Все случилось летом

22
18
20
22
24
26
28
30

Бабушка нащупала на столе большой красный помидор и повертела его перед глазами мальчика.

— Твоя мамочка только что принесла из теплицы. Ну, бери же, бери!

Мальчик потупил глаза и, заложив руки за спину, отступил на шаг.

Бабушка с дедушкой переглянулись.

— Да здоров ли он? — озабоченно произнес старик.

В комнату вошла мать Артура, молодая женщина в рабочей одежде, с печальными глазами. Услыхав последние слова, она-приложила ладонь к его лбу. Температура как будто нормальная…

— Ну, бери же, бери помидорку!

Артур упрямо молчал. Опять, словно сильные руки, его душу сжали неведомые чувства, и он никак не мог от них отделаться.

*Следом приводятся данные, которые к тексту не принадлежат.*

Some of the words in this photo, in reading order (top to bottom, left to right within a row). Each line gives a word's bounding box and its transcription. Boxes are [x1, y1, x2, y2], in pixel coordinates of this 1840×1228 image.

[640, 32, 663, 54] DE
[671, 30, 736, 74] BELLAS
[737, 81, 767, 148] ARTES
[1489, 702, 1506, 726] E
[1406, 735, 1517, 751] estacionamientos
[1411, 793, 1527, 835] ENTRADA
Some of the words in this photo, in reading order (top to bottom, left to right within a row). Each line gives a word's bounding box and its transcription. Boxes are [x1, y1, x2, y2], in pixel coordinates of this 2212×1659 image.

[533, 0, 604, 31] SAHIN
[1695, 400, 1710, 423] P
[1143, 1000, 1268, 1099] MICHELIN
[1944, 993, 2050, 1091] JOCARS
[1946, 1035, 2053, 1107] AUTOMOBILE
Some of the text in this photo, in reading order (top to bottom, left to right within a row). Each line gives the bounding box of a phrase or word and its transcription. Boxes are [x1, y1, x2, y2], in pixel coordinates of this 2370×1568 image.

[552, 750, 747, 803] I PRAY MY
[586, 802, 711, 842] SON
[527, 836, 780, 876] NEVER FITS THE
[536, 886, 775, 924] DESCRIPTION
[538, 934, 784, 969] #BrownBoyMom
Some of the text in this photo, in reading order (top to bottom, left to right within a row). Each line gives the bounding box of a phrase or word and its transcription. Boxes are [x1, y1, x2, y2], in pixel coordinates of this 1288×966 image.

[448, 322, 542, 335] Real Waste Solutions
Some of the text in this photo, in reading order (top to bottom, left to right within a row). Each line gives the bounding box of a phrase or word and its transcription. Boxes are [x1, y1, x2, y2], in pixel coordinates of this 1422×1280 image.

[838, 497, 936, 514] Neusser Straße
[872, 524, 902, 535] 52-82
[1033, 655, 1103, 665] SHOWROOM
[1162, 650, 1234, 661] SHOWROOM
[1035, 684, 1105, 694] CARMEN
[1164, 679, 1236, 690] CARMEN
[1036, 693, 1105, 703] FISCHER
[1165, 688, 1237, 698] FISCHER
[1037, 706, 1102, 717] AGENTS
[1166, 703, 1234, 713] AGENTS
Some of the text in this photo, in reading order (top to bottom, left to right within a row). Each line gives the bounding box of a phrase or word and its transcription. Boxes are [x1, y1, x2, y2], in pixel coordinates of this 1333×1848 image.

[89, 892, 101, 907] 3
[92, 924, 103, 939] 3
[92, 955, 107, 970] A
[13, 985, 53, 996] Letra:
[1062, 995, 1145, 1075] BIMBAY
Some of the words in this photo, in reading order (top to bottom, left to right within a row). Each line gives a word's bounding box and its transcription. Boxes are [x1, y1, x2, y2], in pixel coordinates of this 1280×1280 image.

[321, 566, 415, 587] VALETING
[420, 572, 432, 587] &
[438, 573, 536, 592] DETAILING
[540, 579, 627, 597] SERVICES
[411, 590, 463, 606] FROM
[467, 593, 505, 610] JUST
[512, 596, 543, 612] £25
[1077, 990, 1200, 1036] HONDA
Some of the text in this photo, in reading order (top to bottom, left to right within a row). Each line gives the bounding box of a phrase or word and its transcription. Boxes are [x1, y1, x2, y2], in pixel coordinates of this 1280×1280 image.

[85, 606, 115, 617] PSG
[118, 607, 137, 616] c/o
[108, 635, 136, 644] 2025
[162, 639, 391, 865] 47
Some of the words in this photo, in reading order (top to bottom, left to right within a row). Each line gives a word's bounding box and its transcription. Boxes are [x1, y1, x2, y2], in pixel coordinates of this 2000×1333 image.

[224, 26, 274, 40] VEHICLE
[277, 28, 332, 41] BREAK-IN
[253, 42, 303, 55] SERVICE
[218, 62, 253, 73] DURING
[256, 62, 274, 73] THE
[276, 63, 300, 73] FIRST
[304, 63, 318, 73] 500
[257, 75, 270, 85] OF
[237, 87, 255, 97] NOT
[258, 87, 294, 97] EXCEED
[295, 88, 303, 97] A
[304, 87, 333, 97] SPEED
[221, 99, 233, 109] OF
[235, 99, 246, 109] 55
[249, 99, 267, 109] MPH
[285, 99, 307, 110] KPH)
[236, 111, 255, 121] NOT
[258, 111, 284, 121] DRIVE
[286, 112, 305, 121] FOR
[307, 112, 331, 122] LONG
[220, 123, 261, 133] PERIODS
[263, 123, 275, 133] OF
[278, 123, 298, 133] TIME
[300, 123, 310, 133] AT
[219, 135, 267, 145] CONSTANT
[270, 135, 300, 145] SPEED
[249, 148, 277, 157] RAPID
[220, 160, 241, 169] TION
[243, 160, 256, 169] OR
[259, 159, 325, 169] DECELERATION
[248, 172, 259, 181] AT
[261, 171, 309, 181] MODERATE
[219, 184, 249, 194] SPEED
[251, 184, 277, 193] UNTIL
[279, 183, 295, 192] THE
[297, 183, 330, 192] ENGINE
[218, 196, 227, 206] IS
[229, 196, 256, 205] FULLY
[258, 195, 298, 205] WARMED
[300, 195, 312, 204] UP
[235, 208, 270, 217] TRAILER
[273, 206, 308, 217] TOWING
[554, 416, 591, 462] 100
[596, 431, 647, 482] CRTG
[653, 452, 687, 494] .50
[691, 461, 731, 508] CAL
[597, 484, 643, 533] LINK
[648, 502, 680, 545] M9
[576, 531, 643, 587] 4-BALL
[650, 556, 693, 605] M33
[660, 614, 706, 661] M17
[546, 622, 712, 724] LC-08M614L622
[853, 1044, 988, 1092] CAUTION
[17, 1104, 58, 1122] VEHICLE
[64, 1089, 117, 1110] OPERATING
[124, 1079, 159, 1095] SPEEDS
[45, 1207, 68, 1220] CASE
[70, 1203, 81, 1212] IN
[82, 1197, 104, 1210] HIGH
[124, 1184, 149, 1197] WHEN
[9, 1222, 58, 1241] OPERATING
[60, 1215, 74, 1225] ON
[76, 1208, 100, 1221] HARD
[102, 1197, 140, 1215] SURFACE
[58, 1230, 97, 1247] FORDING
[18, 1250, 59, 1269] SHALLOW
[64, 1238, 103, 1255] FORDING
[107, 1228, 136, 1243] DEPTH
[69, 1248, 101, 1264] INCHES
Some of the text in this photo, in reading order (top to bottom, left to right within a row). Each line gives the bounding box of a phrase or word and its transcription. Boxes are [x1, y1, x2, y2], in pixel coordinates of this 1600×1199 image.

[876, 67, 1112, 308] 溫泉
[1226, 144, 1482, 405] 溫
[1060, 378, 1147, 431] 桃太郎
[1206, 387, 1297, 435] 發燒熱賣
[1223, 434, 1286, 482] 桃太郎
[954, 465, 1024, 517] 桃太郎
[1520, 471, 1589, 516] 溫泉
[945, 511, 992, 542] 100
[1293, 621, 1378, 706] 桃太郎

Отец говорил… Как он сказал? Да, про эти помидоры… И маленький Линарт, не поднимая глаз, краснея, проговорил:

— Я не хочу… — Видя, что никто не понимает причины его отказа, мальчик, мучительно подыскивая слова, словно сам себе объясняя, добавил: — Может быть, он нужен матери, у которой заболел ребенок… Может, она сейчас повсюду ищет помидоры…

Взрослые переглянулись. Бабушка смахнула слезу с правого глаза.

— Какой славный мальчик… Очень хорошо, дитя, что ты помнишь о других, это очень хорошо. У тебя доброе сердце. А завтра утром твоя мамочка с дедушкой повезут помидоры на базар, и там их сможет купить всякий, кто захочет, — и больной и здоровый… Ну, бери, сынок.

Так и не взяв помидора, Артур вышел на кухню. Всем своим существом он чувствовал, что разговор получился не таким, как следовало, но тут уж ничего нельзя было поделать. Положив портфель на табуретку, он прислушался. В комнате, которую он только что покинул, стояла гробовая тишина. И вдруг там все ожило: дедушка, шаркая ногами, забегал из угла в угол, заскрипела бабушкина качалка, мать что-то переставляла на столе.

Первой заговорила бабушка. Но теперь ее голос звучал повелительно, резко. Можно было подумать, что в качалке сидит совсем другой человек. Артур представил себе ее лицо: водянисто-голубые, неподвижные глаза, которые целый час могут глядеть в одну точку; тройной подбородок…

— Это он совращает ребенка, только он. Откуда ж еще набраться ему таких вещей? Откуда, хотела бы я знать?

— Придется выгнать его! — Теперь заговорил и дедушка. — Зачем он нам такой нужен? По хозяйству не помогает, в дом ничего не несет. Ну, что он из крупных вещей приобрел? Ничего. Только шляется всюду, пьянствует. Сидит у нас на шее. Пора с этим кончать. Хватит. Хорошо, что я не дал ему ключ от парадной двери. Пока еще тут, пускай черным ходом ходит.

Послышались тихие всхлипыванья: плакала мама. У мальчика сжалось сердце, перед глазами пошли темные круги.

— Что ж, он с сыном не имеет права поговорить? — произнесла она жалостно. — Все рушится, все распадается… Будь проклято ваше добро! Ведь он сначала не пил, а теперь… совсем стал чужим. И вы виноваты в этом! Вы!..

— Побойся бога! — воскликнул старый Упенек. — Сама не знаешь, что говоришь!

— Хватит! — словно топором обрубила бабушка. — Перестань хныкать, этим делу не поможешь. Тебе что, не нравится здесь? Может, хочешь потаскаться по общежитиям, откуда пришел твой любезный супруг? Оттого-то у него и замашки такие. Только ты сначала подумай — кто тебя с ребенком возьмет? Ну, ладно, ладно, все рассудим не спеша, не торопясь. А ты, старик, помолчи. Никуда он не уйдет. Здесь останется. Хоть один в доме должен на службе числиться, иначе нельзя. Потребуют справку — кто тебе даст? И ты, дочь, будь с ним поласковей, он нам еще нужен. А мальчика от него держать подальше — не то совратит.

«Он», «этот»… Артур отлично знал, кого они имели в виду. Они ругали отца, ругали за глаза, когда он не мог защищаться. А может, и не стал бы защищаться? Усмехнулся бы, пожал плечами и ушел? Для них он был чем-то страшным, нехорошим, чего следует избегать и сторониться. И мама плакала… Но все они были неправы, просто они по-настоящему не знали его папу.